▸ Records for this task:
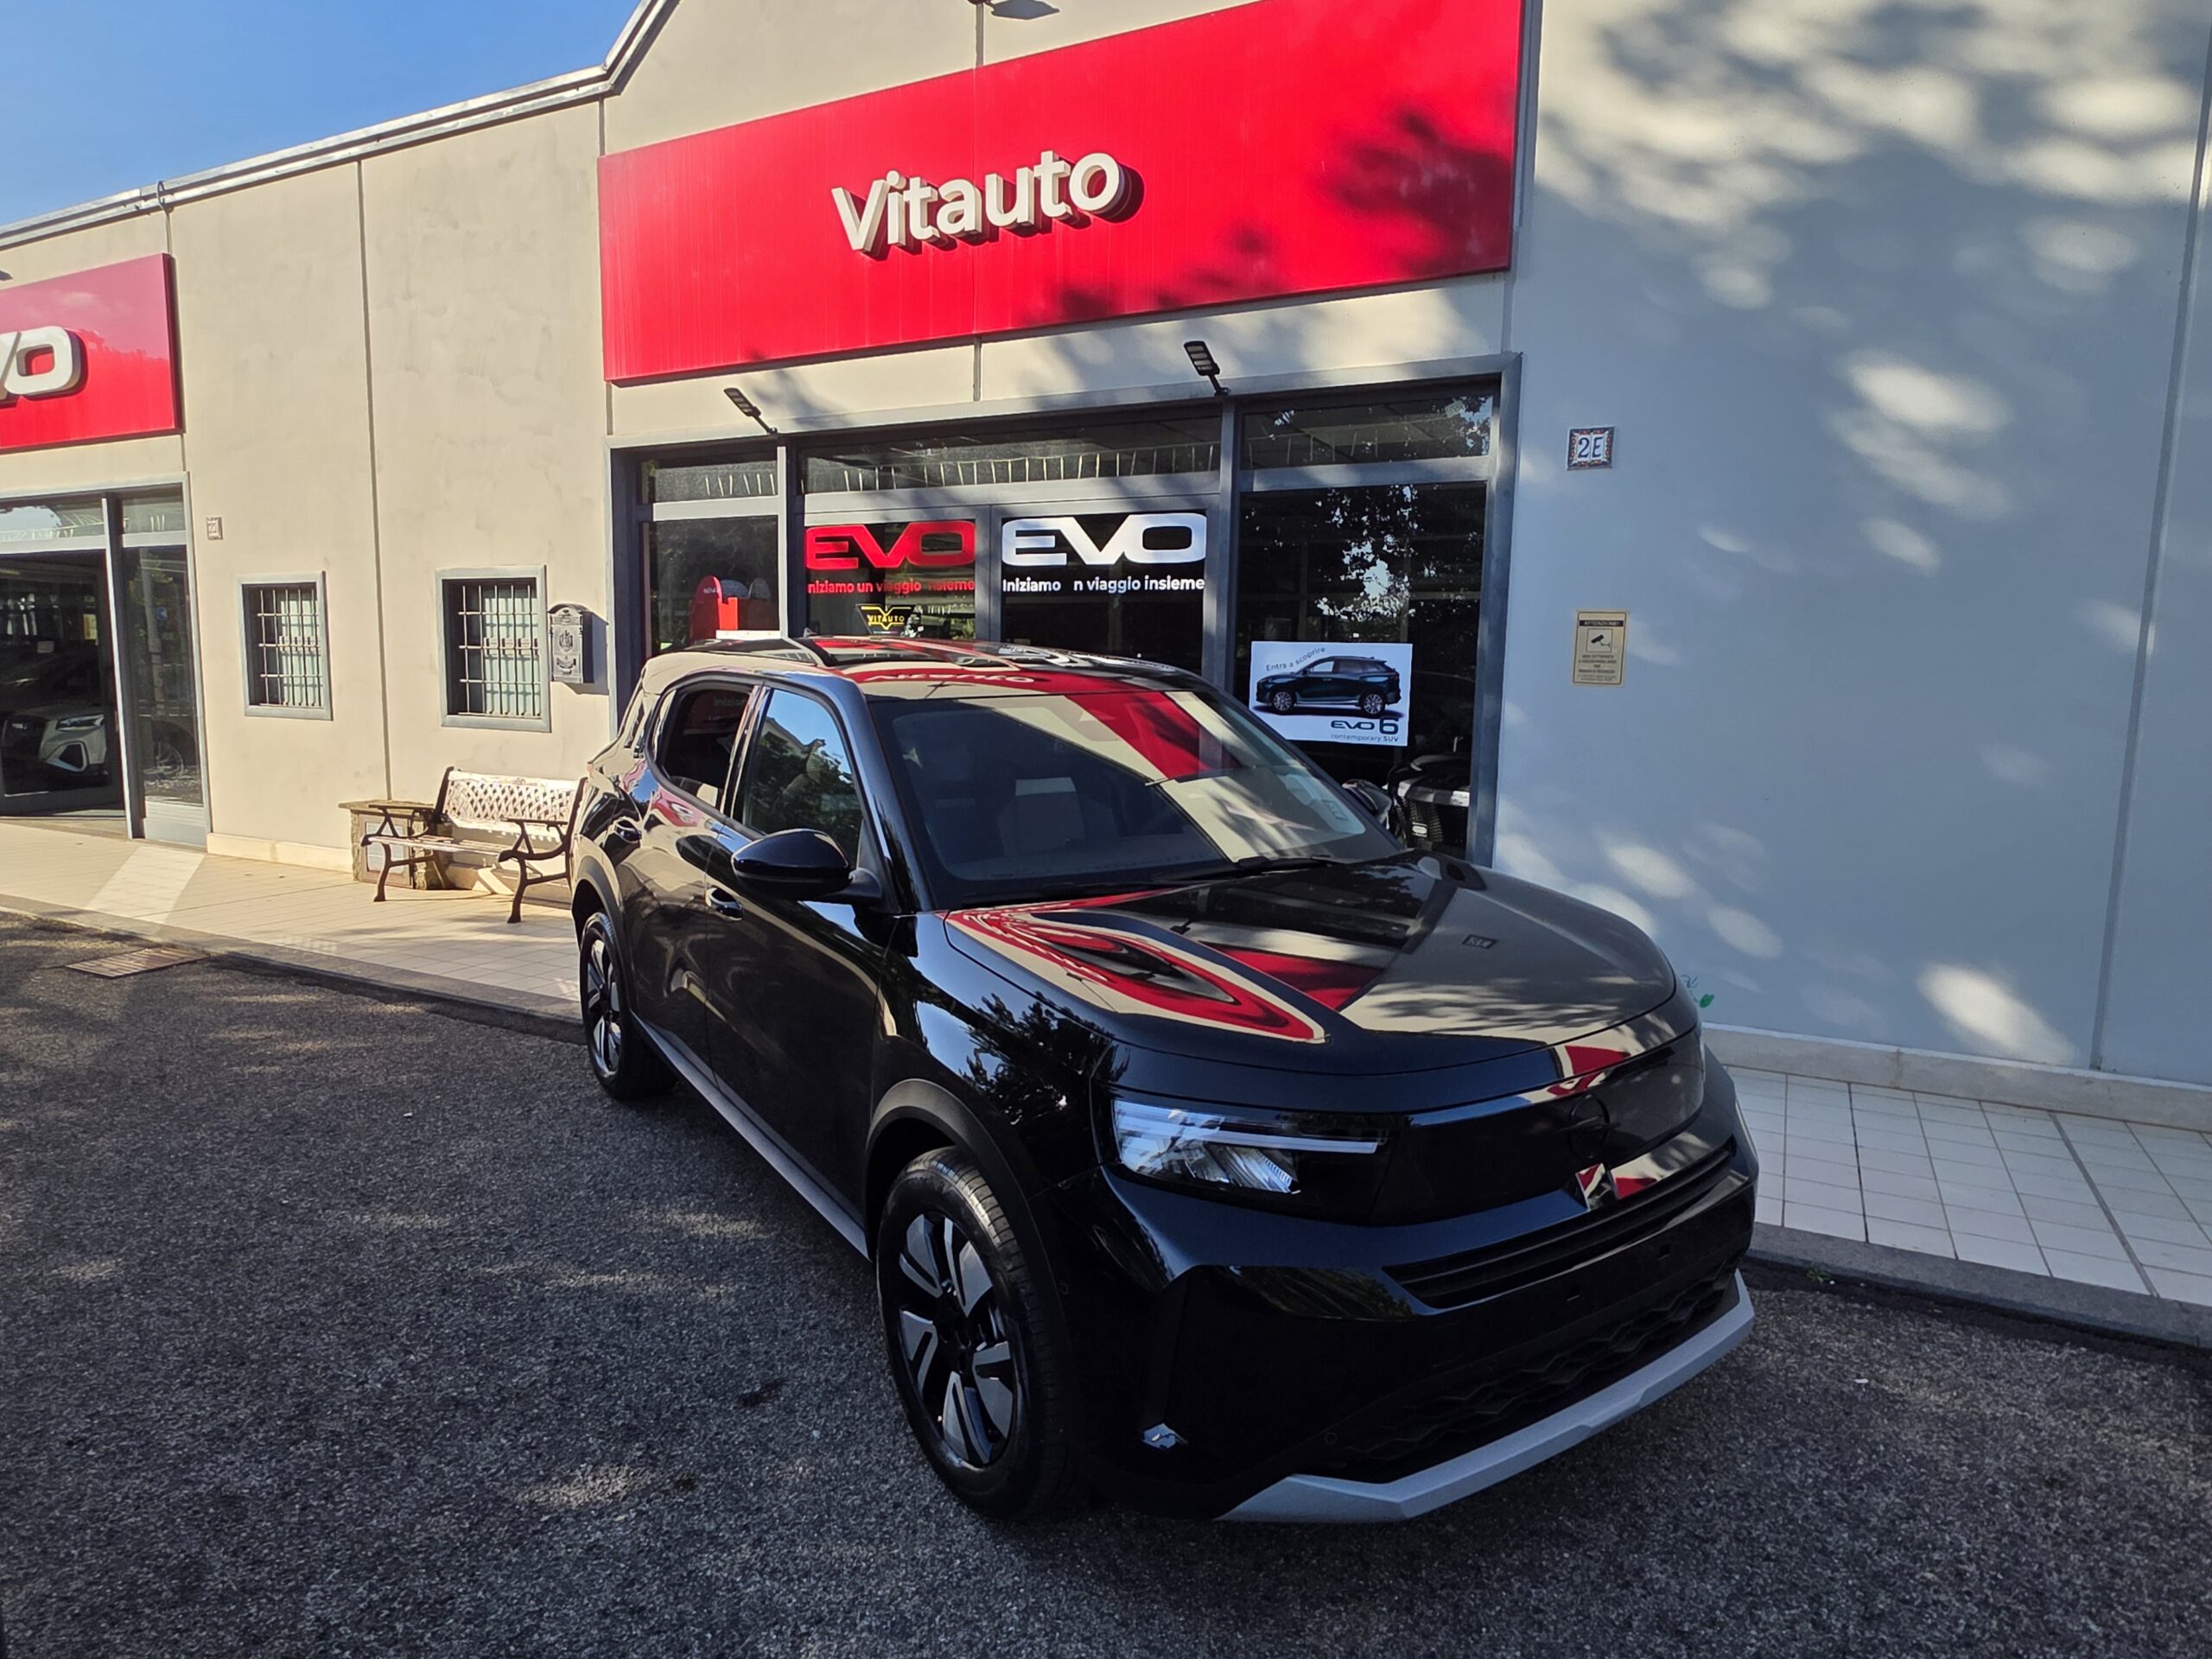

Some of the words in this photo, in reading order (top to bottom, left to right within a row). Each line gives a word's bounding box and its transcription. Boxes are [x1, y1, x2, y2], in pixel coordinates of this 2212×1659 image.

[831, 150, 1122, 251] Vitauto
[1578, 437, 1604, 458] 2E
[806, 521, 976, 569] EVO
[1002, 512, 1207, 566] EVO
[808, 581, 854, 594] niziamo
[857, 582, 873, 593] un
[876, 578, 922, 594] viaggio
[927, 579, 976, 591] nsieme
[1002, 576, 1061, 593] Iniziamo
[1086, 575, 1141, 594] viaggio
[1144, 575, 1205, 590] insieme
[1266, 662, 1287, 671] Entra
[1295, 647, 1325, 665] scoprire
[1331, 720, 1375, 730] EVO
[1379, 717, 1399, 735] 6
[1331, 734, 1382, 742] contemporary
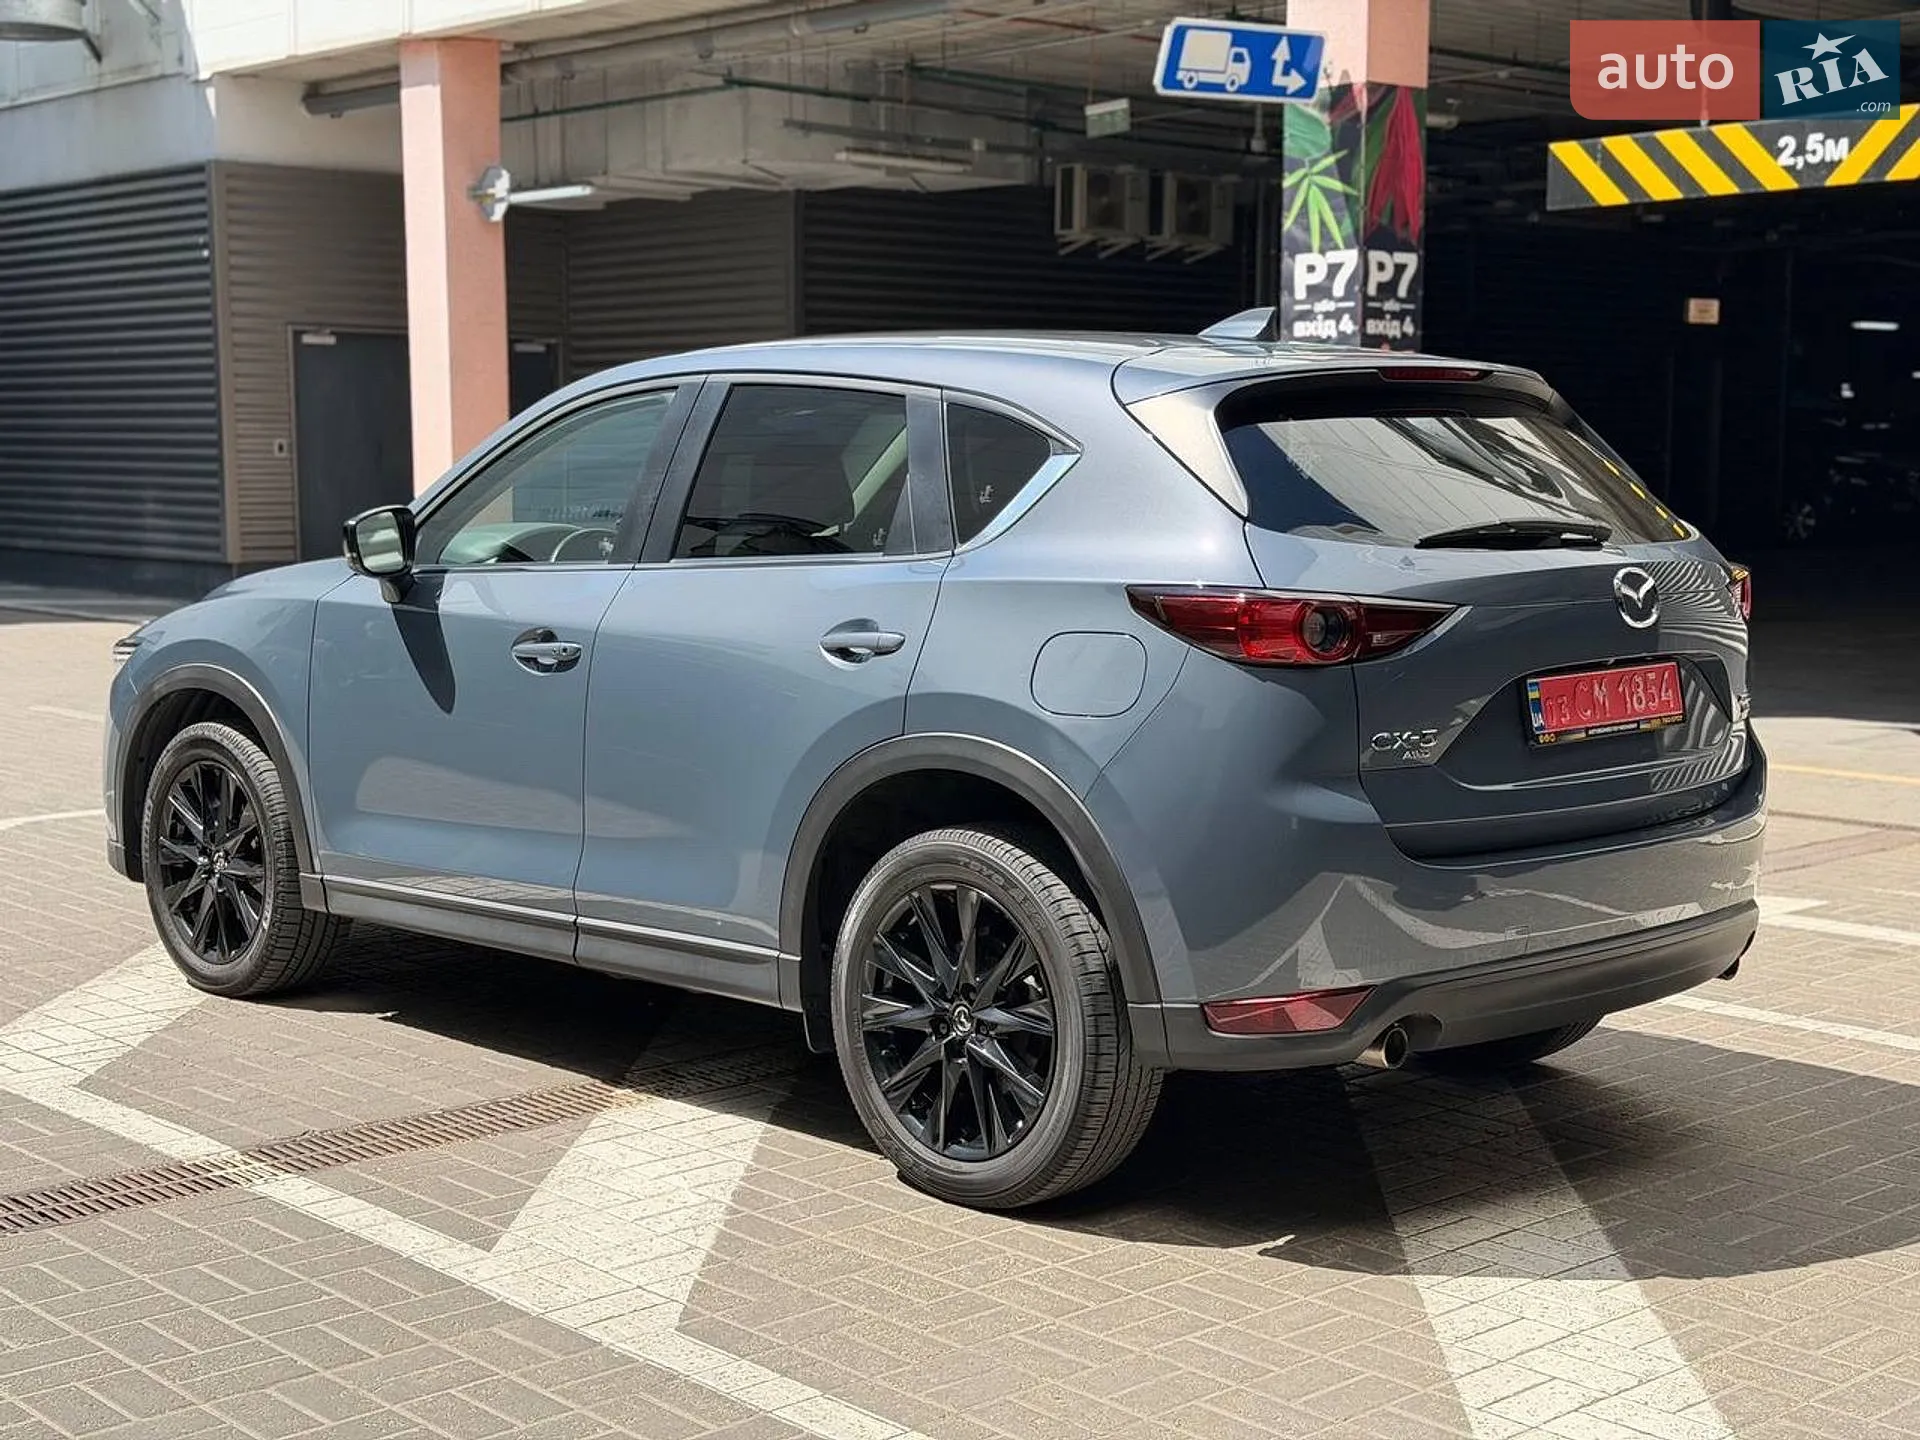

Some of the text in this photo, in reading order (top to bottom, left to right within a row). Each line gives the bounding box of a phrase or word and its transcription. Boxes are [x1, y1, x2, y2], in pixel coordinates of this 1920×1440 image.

▸ Task goal: Give back the entries verbatim. Do not include any picture.

▸ Solved problem:
Some of the words in this photo, in reading order (top to bottom, left to right within a row). Each line gives a word's bounding box and its transcription. Boxes are [x1, y1, x2, y2], in pixel coordinates of this 2212×1659 image.

[831, 150, 1122, 251] Vitauto
[1578, 437, 1604, 458] 2E
[806, 521, 976, 569] EVO
[1002, 512, 1207, 566] EVO
[808, 581, 854, 594] niziamo
[857, 582, 873, 593] un
[876, 578, 922, 594] viaggio
[927, 579, 976, 591] nsieme
[1002, 576, 1061, 593] Iniziamo
[1086, 575, 1141, 594] viaggio
[1144, 575, 1205, 590] insieme
[1266, 662, 1287, 671] Entra
[1295, 647, 1325, 665] scoprire
[1331, 720, 1375, 730] EVO
[1379, 717, 1399, 735] 6
[1331, 734, 1382, 742] contemporary

Some of the text in this photo, in reading order (top to bottom, left to right within a row). Each line gives the bounding box of a phrase or word and its transcription. Boxes are [x1, y1, x2, y2], in pixel coordinates of this 1920×1440 image.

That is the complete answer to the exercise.